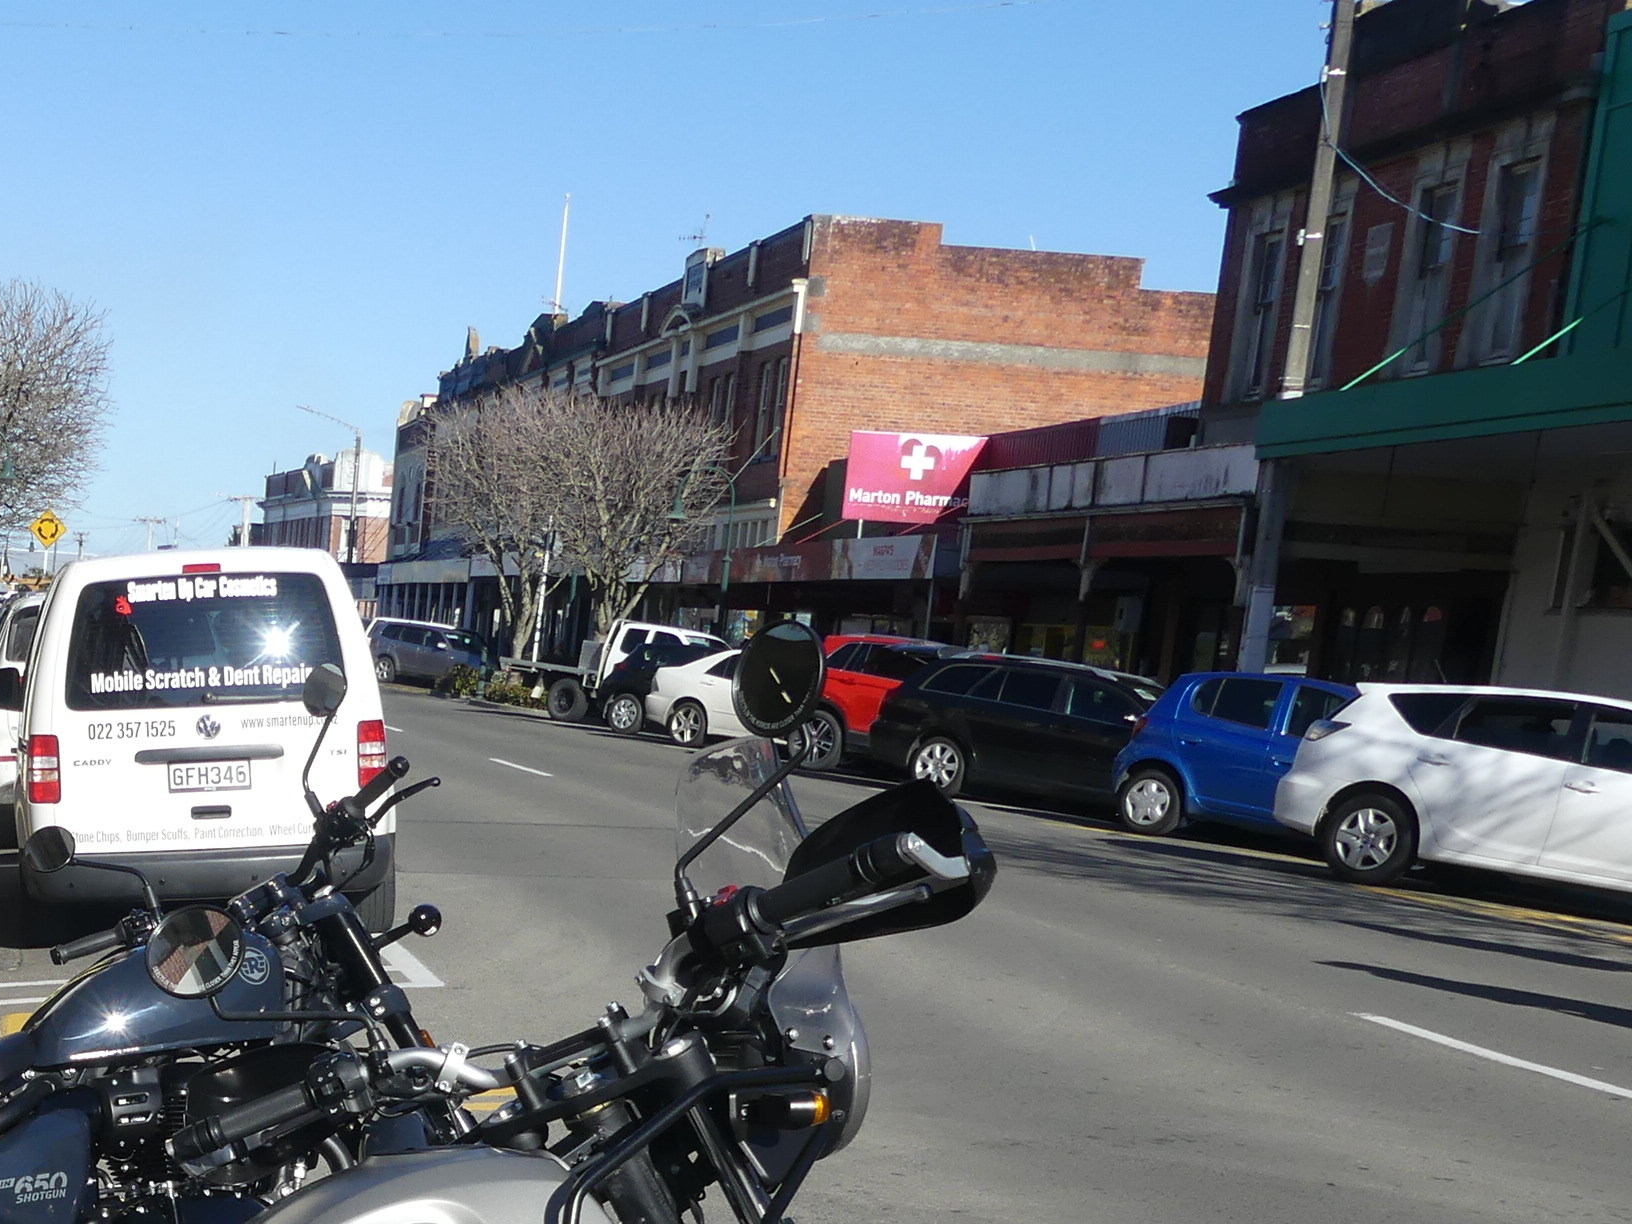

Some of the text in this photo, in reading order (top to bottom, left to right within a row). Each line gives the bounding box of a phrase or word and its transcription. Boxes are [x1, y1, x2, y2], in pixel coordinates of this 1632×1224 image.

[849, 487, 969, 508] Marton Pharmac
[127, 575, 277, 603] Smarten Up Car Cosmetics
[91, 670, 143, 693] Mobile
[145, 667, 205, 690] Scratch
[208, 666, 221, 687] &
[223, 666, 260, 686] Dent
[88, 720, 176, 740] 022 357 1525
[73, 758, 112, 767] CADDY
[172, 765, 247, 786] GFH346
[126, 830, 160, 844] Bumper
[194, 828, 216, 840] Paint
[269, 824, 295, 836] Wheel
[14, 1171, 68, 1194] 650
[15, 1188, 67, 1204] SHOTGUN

What is expected:
A faithful, word-for-word copy of the data is needed; the pictures should not appear in it.

Task response:
Some of the text in this photo, in reading order (top to bottom, left to right within a row). Each line gives the bounding box of a phrase or word and its transcription. Boxes are [x1, y1, x2, y2], in pixel coordinates of this 1632×1224 image.

[849, 487, 969, 508] Marton Pharmac
[127, 575, 277, 603] Smarten Up Car Cosmetics
[91, 670, 143, 693] Mobile
[145, 667, 205, 690] Scratch
[208, 666, 221, 687] &
[223, 666, 260, 686] Dent
[88, 720, 176, 740] 022 357 1525
[73, 758, 112, 767] CADDY
[172, 765, 247, 786] GFH346
[126, 830, 160, 844] Bumper
[194, 828, 216, 840] Paint
[269, 824, 295, 836] Wheel
[14, 1171, 68, 1194] 650
[15, 1188, 67, 1204] SHOTGUN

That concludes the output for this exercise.